3.6 Determination of antimicrobial capacity
This well-known antibacterial activity of the AgNPs (Huq et al., 2022) was confirmed in the present work. As shown in Figure 5B., AgNPs caused inhibition of E. Coli and S. aureus colony growth, brought about by the nanoparticle disruption of the bacteria outer membrane (Sengupta & Sarkar, 2022; Huq et al., 2022; Sharma et al., 2020). On the other hand, the micro-composite showed similarly activity of the AgNPs, that suggest us the AgNPs transferred the ability to the micro-composite, similarly at the results by Phan et al. (2019) and Salama (2017).
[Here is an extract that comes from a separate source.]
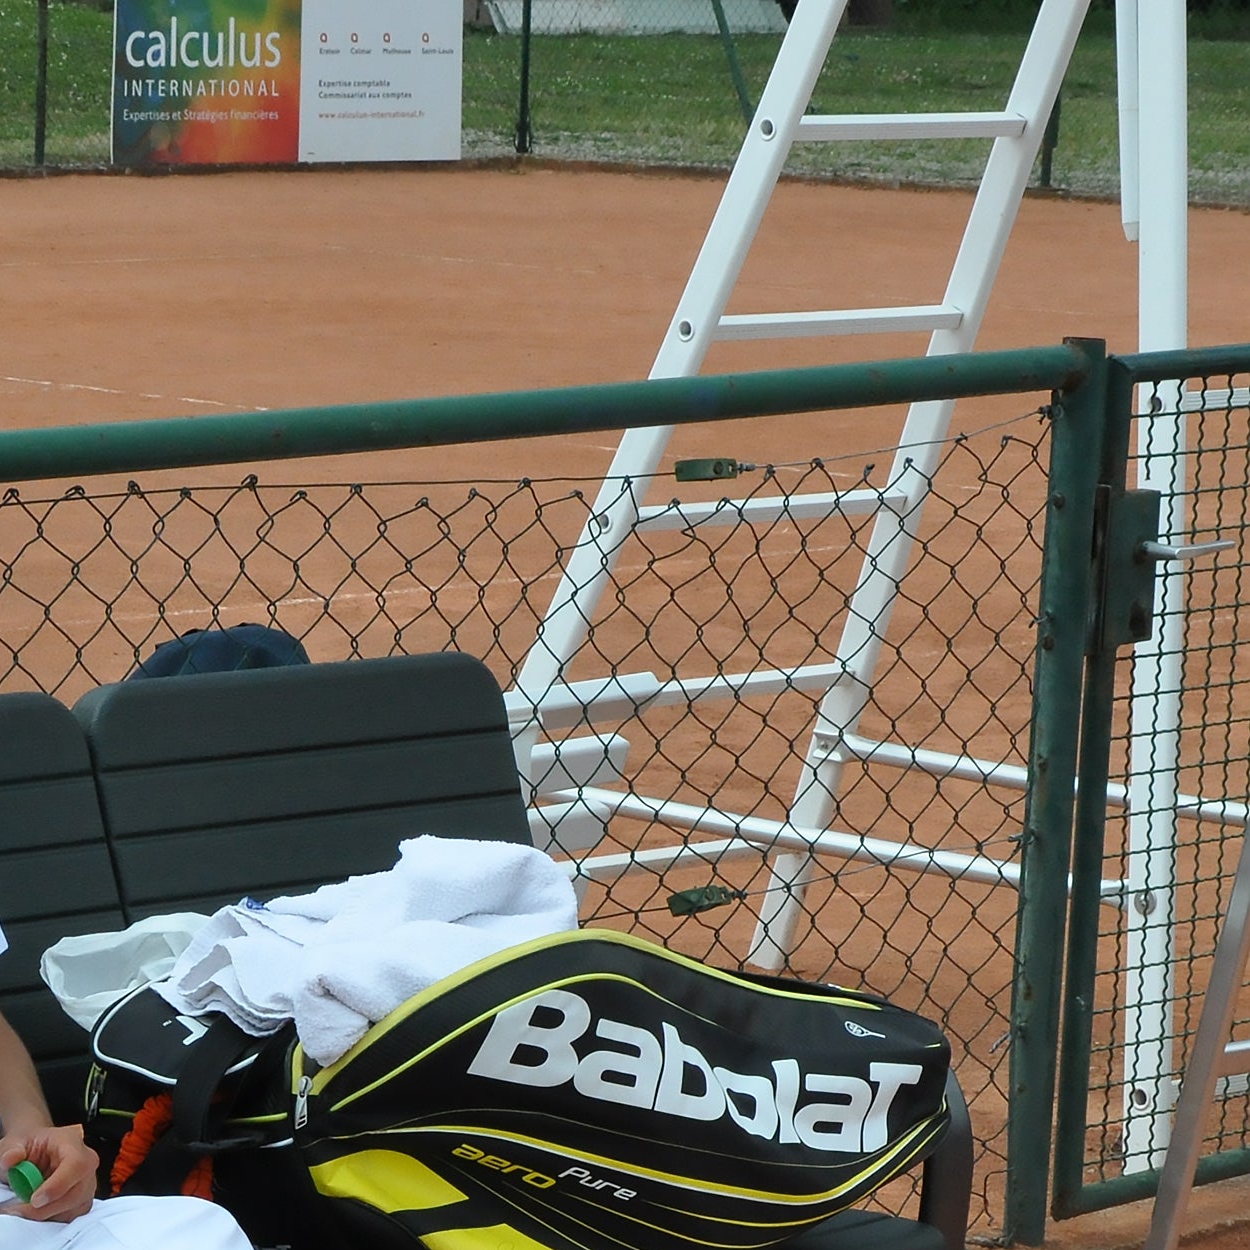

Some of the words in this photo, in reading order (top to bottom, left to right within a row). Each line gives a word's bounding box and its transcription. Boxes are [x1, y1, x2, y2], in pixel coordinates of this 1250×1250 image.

Nevertheless, the observed inhibition of colony growth by AgNPs was lower than that elicited by the Ciprofloxacin.
4. Conclusions
Present results confirm the benefits of using water-ethanol extracts of banana peels and rachis for the synthesis of AgNPs and CMF to conform a micro-composite. The high yields of AgNPs and CMF as well as the effectiveness of the AgNPs and micro-composite as antioxidant and antibacterial support the use of these banana part as prime material for the industrial production. The micro-composite could be an environmentally friendly replacement in the packaging of the food for transport and storage, allowing to reduce the accumulation of petrochemical microplastics in nature. However, it is necessary to continue with the studies due to the possible effects of migration of AgNPs and CMF to food, as well as their impact on human health. Nanoparticles could be used as an additive to biopesticides in pathogen control in crops.